Good Luck Ladies, and Welcome!


----------



## dfavbaby

Bethhh, im ttc again. Just had my second loss and I just want to start poas again.
!m so ready for my sticky beanxxx. GL to us both.


----------



## InVivoVeritas

Count me in please. I've got the bean on board, just waiting to see if it's a sticky one.

This is my 9th pregnancy, and I've got two fantastic DDs to prove to me that it can be done. These early weeks are so long and so hard. Every day I'm expecting the worst.

FWIW I hate the term Chemical and wouldn't use it. I completely agree that a pregnancy is a pregnancy.


----------



## beth30

Welcome Ladies, and Stick Baby STICK!

I started this thread because I am in an ugly place right now emotionally and mentally. I am thinking I can see the light at the end of the tunnel, so hopefully I'll be pulling out of it again. But until then I am trying to stay as positive and hopeful as possible. 

I ovulate today(supposed to), and I BD Saturday night(more like sunday morning) that was it... also I didn't force DH into it, he wanted to. LoL! so I feel like more laid back, trying not to push things to hard. I am going to wait as long as I can before I POAS..just to save some moolah, but I know if I start getting those symptoms, I won't be able to hold the POAS beast back! LOL!


----------



## InVivoVeritas

Sat night should be perfect timing if you O today. Fingers crossed that the POAS addiction turns something up this time.

I got my BFP a week ago and haven't told one person about this pregnancy. Haven't made a doctor's appointment, haven't POAS even one more time. I feel like I'm holding my breath, and the days just don't seem to be passing at all.

This thread was a great idea!! Let's support each other through this dark patch and on to brighter times ahead.


----------



## bfpsoon

Hey Beth, count me in, it's good to be able to talk to other ladies who have gone through the same thing & back to ttc our everlasting baby.

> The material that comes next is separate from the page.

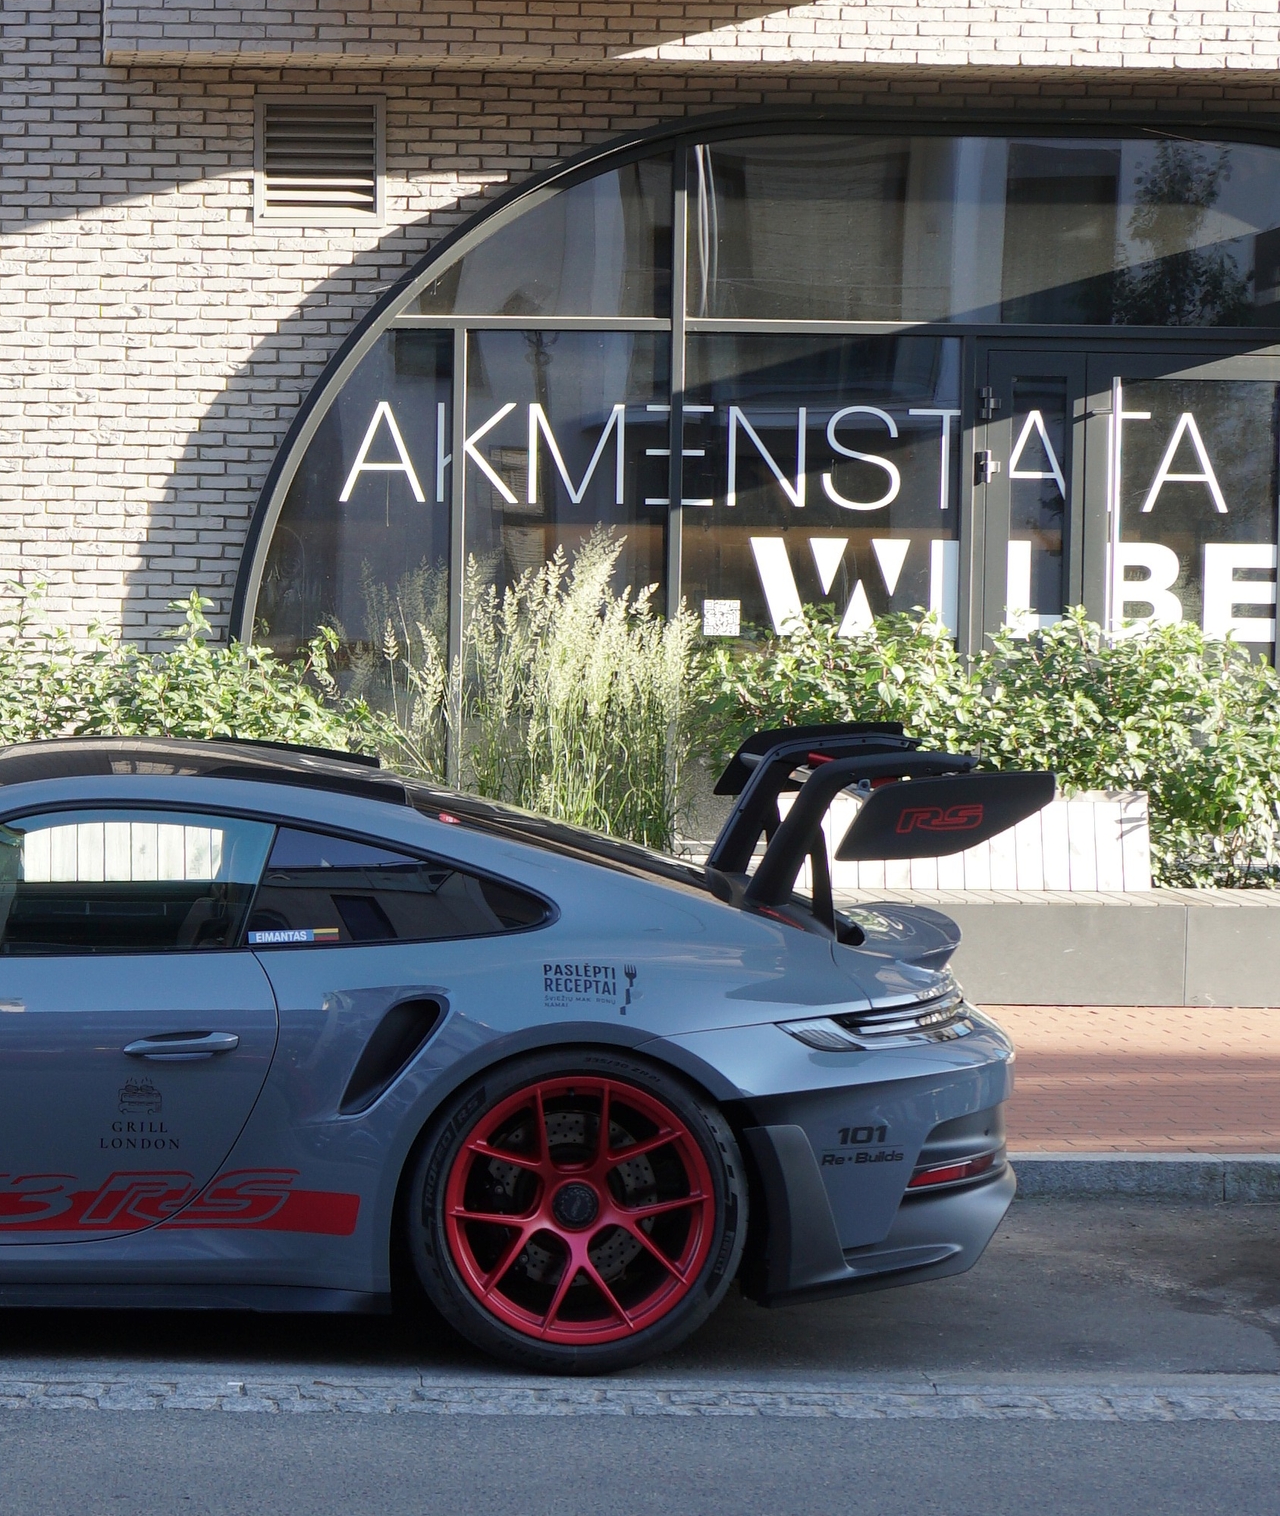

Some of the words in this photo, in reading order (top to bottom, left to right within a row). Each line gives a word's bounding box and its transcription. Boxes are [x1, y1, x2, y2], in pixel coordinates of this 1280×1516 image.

I just suffered my 2nd MC in September, I then waited ages for AF to show, and now feel ready to try again, currently cd13 and ovulation is imminent.
Dr told me to wait 3 months before trying again, but I'm too impatient and just want to get back on with it.

Invivo congrats hun.. I know how nervous you must feel, I felt it with my last pregnancy but was determined to enjoy it and not think of the worst, unfortunately it resulted in another MC, but I believe if it's going to happen it will and there's nothing you can do to change the outcome. Just try and remain positive & enjoy being pregnant.

Good luck to us all, and lets hope this lovely thread creates lots of new BFP's that give us all a everlasting baby of our own :flower:


----------



## beth30

Welcome!


----------



## BabyBob

Hi Beth, can i join your thread?

I am also at a place in my life i thought i would never be. Lost my second baby in September after trying for 6months. Was the nicest surprise, excatly a year to the day from losing my baby son Jayden (23.08.2010). Deciding to start trying was a big decision, but a family was something me and hubby wanted so bad. 
In October we decided we would try again, well NTNP! I have never wanted something so bad in my life. I was then told i had cervical erosion, which now i am blaming myself for causing 2nd mc. :( 
This month i was late, which got my hopes up and then took a test and i was convinced there was a faint blue line, but last night af came :( I was heartbroken. lay in bed last night crying my eyes out. Hubby stupidly mentioned one of our friends who is pregnant and said her bump was getting really big. She was 6weeks further on than our 2nd pregnancy. I know he didnt mean to hurt me but i got so emotional, I just want us to have our family. I feel everyone is pregnant jsut now and im not going to lie im so jealous. Why was my babies taken?? I think about them everyday.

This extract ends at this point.